---- Information
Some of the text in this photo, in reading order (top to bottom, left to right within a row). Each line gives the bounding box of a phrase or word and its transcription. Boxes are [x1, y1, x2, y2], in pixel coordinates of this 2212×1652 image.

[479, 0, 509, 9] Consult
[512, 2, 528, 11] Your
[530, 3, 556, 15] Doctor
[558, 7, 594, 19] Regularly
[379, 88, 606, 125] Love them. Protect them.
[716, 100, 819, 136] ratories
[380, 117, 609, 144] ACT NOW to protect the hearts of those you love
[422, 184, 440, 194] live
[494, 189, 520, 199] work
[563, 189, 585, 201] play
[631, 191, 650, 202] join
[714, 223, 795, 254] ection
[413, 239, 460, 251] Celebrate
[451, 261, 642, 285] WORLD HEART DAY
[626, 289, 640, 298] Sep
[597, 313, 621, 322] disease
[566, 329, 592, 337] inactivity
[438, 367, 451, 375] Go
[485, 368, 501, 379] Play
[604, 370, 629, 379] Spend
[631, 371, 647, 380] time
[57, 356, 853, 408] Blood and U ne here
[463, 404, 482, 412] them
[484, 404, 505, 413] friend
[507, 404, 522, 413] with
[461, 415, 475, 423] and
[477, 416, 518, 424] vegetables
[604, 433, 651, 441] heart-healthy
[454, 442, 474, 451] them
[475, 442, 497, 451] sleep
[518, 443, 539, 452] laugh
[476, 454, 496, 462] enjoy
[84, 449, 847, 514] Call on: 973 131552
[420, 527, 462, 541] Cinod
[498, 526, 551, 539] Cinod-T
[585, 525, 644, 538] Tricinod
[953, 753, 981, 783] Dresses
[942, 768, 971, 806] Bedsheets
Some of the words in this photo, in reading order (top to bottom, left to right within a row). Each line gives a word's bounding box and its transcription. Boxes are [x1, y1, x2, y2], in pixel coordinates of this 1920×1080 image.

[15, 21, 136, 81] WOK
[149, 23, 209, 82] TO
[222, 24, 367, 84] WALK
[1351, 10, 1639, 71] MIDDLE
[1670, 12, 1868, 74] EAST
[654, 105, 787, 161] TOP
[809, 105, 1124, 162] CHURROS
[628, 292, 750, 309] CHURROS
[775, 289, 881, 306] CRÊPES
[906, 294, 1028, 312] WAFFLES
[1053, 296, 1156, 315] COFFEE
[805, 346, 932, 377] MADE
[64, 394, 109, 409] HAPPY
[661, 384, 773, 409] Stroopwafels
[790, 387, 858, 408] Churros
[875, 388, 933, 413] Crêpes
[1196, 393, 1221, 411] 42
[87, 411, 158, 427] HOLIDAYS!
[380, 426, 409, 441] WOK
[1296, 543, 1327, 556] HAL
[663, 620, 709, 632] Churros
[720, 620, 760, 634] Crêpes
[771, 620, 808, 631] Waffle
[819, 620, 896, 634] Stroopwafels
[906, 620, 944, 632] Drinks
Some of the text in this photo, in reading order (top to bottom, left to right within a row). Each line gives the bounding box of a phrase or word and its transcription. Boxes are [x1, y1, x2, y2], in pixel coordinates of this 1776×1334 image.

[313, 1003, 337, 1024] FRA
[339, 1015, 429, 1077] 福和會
--------
_Exercise aim_
The records above must be restated. Preserve every word.

_Finished exercise_
Some of the text in this photo, in reading order (top to bottom, left to right within a row). Each line gives the bounding box of a phrase or word and its transcription. Boxes are [x1, y1, x2, y2], in pixel coordinates of this 2212×1652 image.

[479, 0, 509, 9] Consult
[512, 2, 528, 11] Your
[530, 3, 556, 15] Doctor
[558, 7, 594, 19] Regularly
[379, 88, 606, 125] Love them. Protect them.
[716, 100, 819, 136] ratories
[380, 117, 609, 144] ACT NOW to protect the hearts of those you love
[422, 184, 440, 194] live
[494, 189, 520, 199] work
[563, 189, 585, 201] play
[631, 191, 650, 202] join
[714, 223, 795, 254] ection
[413, 239, 460, 251] Celebrate
[451, 261, 642, 285] WORLD HEART DAY
[626, 289, 640, 298] Sep
[597, 313, 621, 322] disease
[566, 329, 592, 337] inactivity
[438, 367, 451, 375] Go
[485, 368, 501, 379] Play
[604, 370, 629, 379] Spend
[631, 371, 647, 380] time
[57, 356, 853, 408] Blood and U ne here
[463, 404, 482, 412] them
[484, 404, 505, 413] friend
[507, 404, 522, 413] with
[461, 415, 475, 423] and
[477, 416, 518, 424] vegetables
[604, 433, 651, 441] heart-healthy
[454, 442, 474, 451] them
[475, 442, 497, 451] sleep
[518, 443, 539, 452] laugh
[476, 454, 496, 462] enjoy
[84, 449, 847, 514] Call on: 973 131552
[420, 527, 462, 541] Cinod
[498, 526, 551, 539] Cinod-T
[585, 525, 644, 538] Tricinod
[953, 753, 981, 783] Dresses
[942, 768, 971, 806] Bedsheets
Some of the words in this photo, in reading order (top to bottom, left to right within a row). Each line gives a word's bounding box and its transcription. Boxes are [x1, y1, x2, y2], in pixel coordinates of this 1920×1080 image.

[15, 21, 136, 81] WOK
[149, 23, 209, 82] TO
[222, 24, 367, 84] WALK
[1351, 10, 1639, 71] MIDDLE
[1670, 12, 1868, 74] EAST
[654, 105, 787, 161] TOP
[809, 105, 1124, 162] CHURROS
[628, 292, 750, 309] CHURROS
[775, 289, 881, 306] CRÊPES
[906, 294, 1028, 312] WAFFLES
[1053, 296, 1156, 315] COFFEE
[805, 346, 932, 377] MADE
[64, 394, 109, 409] HAPPY
[661, 384, 773, 409] Stroopwafels
[790, 387, 858, 408] Churros
[875, 388, 933, 413] Crêpes
[1196, 393, 1221, 411] 42
[87, 411, 158, 427] HOLIDAYS!
[380, 426, 409, 441] WOK
[1296, 543, 1327, 556] HAL
[663, 620, 709, 632] Churros
[720, 620, 760, 634] Crêpes
[771, 620, 808, 631] Waffle
[819, 620, 896, 634] Stroopwafels
[906, 620, 944, 632] Drinks
Some of the text in this photo, in reading order (top to bottom, left to right within a row). Each line gives the bounding box of a phrase or word and its transcription. Boxes are [x1, y1, x2, y2], in pixel coordinates of this 1776×1334 image.

[313, 1003, 337, 1024] FRA
[339, 1015, 429, 1077] 福和會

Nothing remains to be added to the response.